┏━━
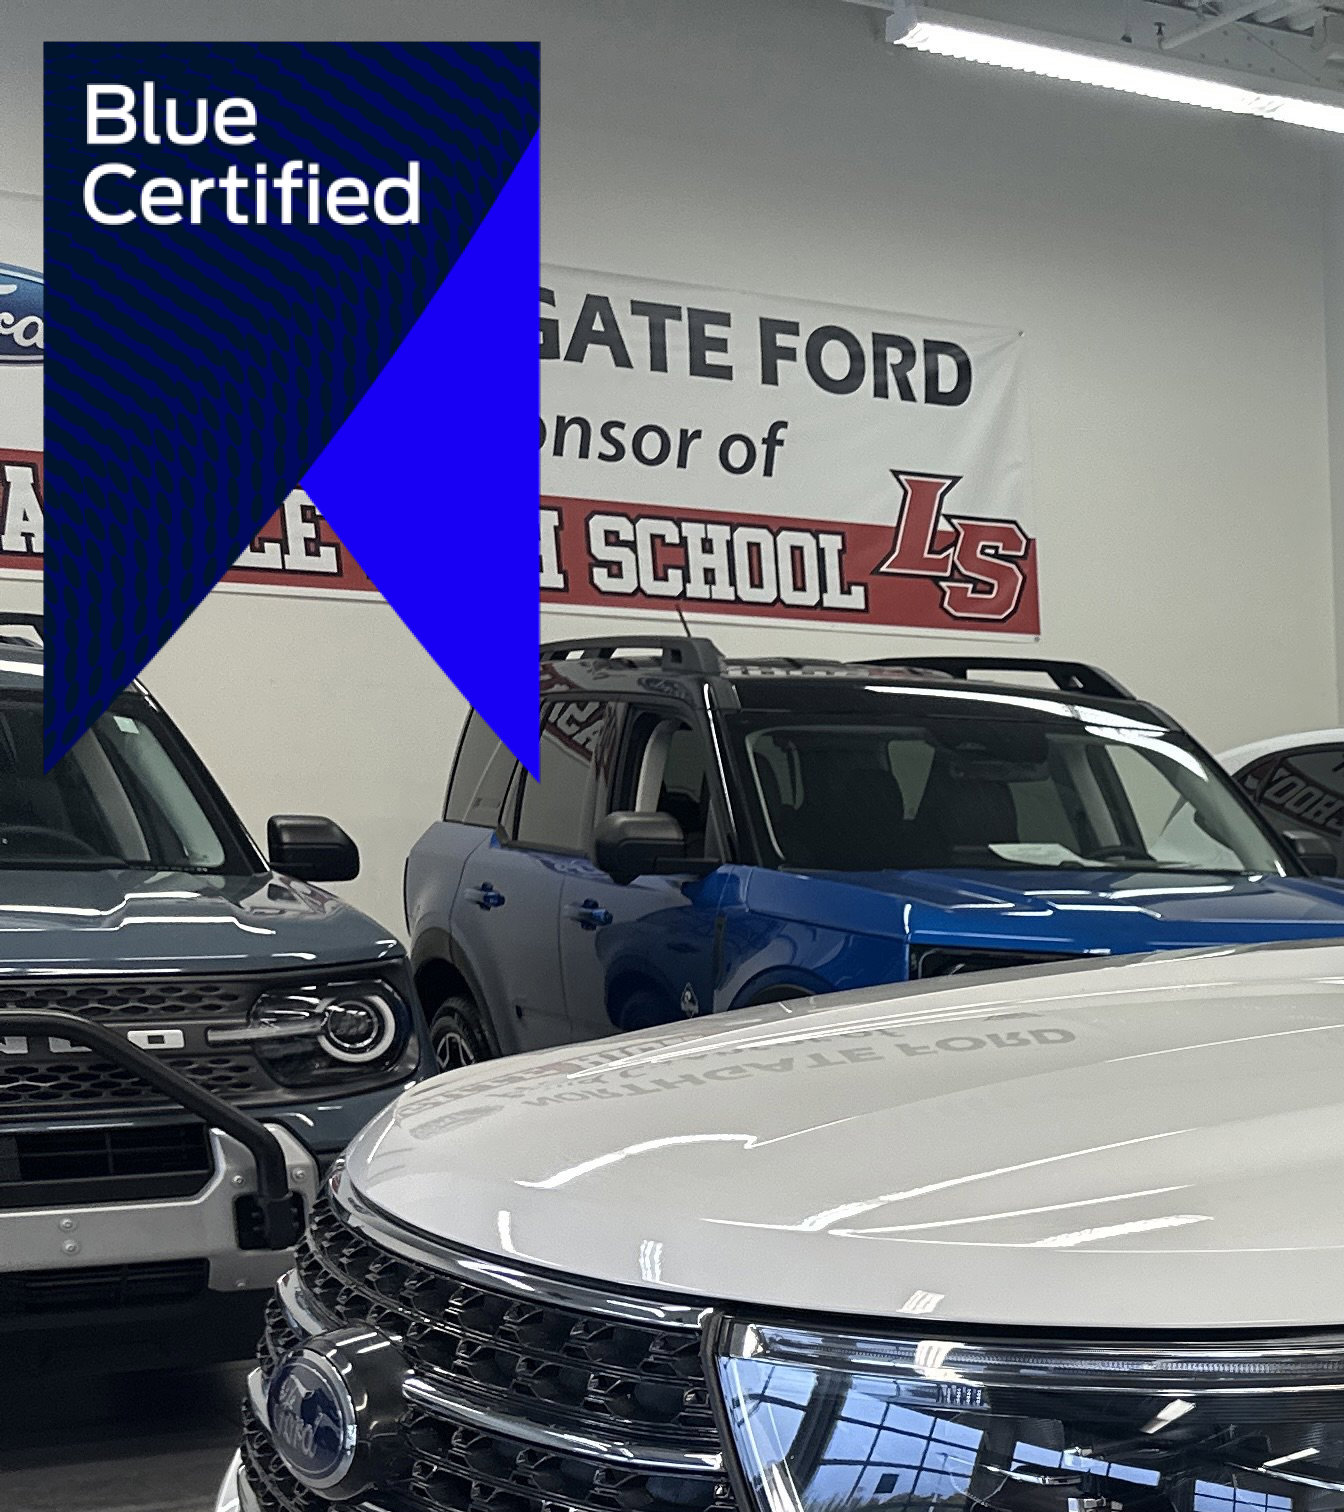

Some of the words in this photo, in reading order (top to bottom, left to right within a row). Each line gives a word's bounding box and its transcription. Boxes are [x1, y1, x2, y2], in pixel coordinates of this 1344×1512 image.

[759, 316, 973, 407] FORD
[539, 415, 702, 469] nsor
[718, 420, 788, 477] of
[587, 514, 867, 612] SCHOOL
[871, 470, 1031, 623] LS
┗━━
Every entry above needs to be duplicated precisely, and none of the pictures should appear.

Some of the words in this photo, in reading order (top to bottom, left to right within a row). Each line gives a word's bounding box and its transcription. Boxes are [x1, y1, x2, y2], in pixel coordinates of this 1344×1512 image.

[759, 316, 973, 407] FORD
[539, 415, 702, 469] nsor
[718, 420, 788, 477] of
[587, 514, 867, 612] SCHOOL
[871, 470, 1031, 623] LS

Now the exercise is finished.